Su 15mila attività censite nella provincia, un quarto sono state controllate dalla ASL e solo l’8% sono state sanzionate.

 

L’industria agroalimentare di Bari e Bat si distingue per l’alta qualità media dei suoi prodotti e per la loro accessibilità. Una conferma viene dai controlli effettuati dalla ASL. Su 15mila attività di trasformazione alimentare censite in provincia di Bari, infatti, un quarto (di quelle ad altro rischio) ha subito i controlli della ASL di Bari e solo l’8% di queste ha subito sanzioni. “Questo è per noi industriali un buon risultato, che conferma come il settore agroalimentare di Bari e della Bat punti sulla qualità dei prodotti per competere – dichiara Francesco Divella, Presidente della Sezione Agroalimentare di Confindustria Bari e Barletta-Andria-Trani nel corso del seminario “Imprese, ASL e Carabinieri NAS: dialogo per la prevenzione nella sicurezza alimentare", che si è tenuto ieri nella sede di Confindustria Bari e Bat.

Al seminario, che ha creato una rara occasione di confronto tra produttori e organismi di controllo, sono intervenuti, oltre a Francesco Divella, Domenico Lagravinese, Direttore Dipartimento di Prevenzione – ASL di Bari; Antonio Citarella, Comandante Carabinieri NAS di Bari. L’incontro rappresenta l’inzio di un più ampio progetto di valorizzazione del settore promosso dalla Confindustria di Bari e Bat. “Il controllo delle materie prime è un presupposto essenziale per una produzione di qualità. – ha aggiunto Divella – Noi industriali siamo i primi a selezionare le materie prime in base alla loro qualità. Ben vengano dunque i controlli che premiano le aziende più competitive ed escludono dal mercato quelle che ricorrono ad una concorrenza sleale. Una migliore intesa fra enti preposti al controllo e gli operatori economici, attraverso il dialogo e la formazione reciproca, può favorire un innalzamento competitivo del nostro settore, che già ha un livello qualitativo molto alto nel nostro territorio”.

L’industria agroalimentare pugliese, oltre ad avere una buona qualità media dei prodotti, ha anche un peso importante nella formazione della ricchezza dell’intera regione e in alcuni comparti raggiunge posizioni di leadership nazionali. E’ il caso ad esempio della lavorazione del grano duro, in cui l’industria della provincia di Bari è prima in Italia. Uno dei punti di forza del settore è quello di saper rendere “accessibili” prodotti di alta qualità ad un vasto numero di consumatori. La ricetta utilizzata per raggiungere questo risultato è l’impiego di continue dosi di innovazione nei tradizionali processi di produzione e un’attenta selezione delle materie prime.
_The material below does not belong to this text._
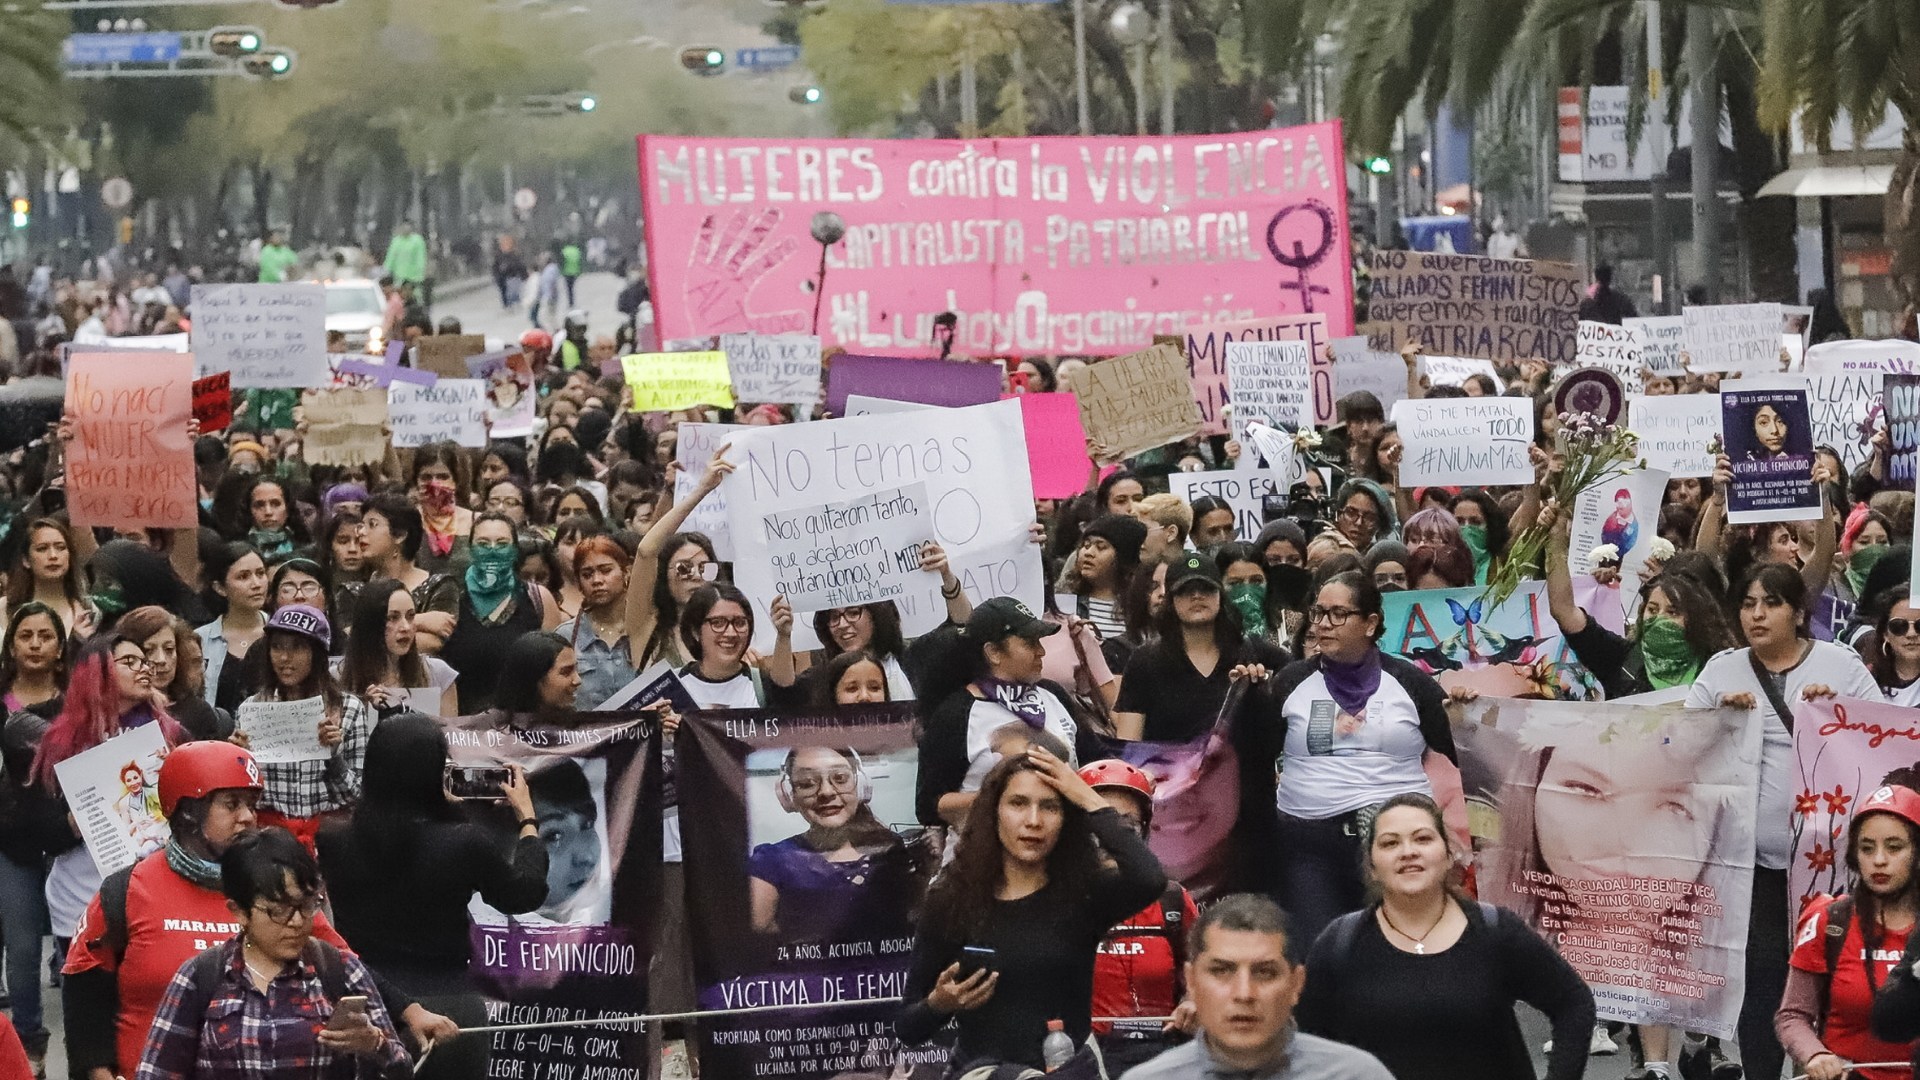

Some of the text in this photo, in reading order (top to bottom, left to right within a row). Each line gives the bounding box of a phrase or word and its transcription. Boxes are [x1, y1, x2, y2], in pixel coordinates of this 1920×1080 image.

Una criticità è invece il rapporto con la Grande Distribuzione e il fatto che spesso la rilevanza economica e le potenzialità dell’industria agroalimentare del nostro territorio siano poco note.

Dalle ultime statistiche disponibili della Banca d’Italia, risulta che le industrie alimentari pugliesi hanno raggiunto la produzione di un miliardo di euro di Valore Aggiunto, che ormai rappresenta il 15,2% della ricchezza creata da tutti i comparti industriali della regione. Le esportazioni di alimenti e bevande sono in continuo aumento e hanno raggiunto nel 2010, per la sola provincia di Bari, quota 224 milioni di Euro. In questo quadro, oltre ai tradizionali settori di vino ed olio, la Provincia di Bari gioca un ruolo di primo piano nell’industria molitoria e nella produzione di pasta essendo leader nazionale nella lavorazione del grano duro, con ben il 20% del totale nazionale, mentre la Puglia si attesta al terzo posto in Italia per la produzione di pasta. Ruoli significativi sono anche ricoperti dall’industria lattiero casearia, della torrefazione del caffè e dalla lavorazione delle carni.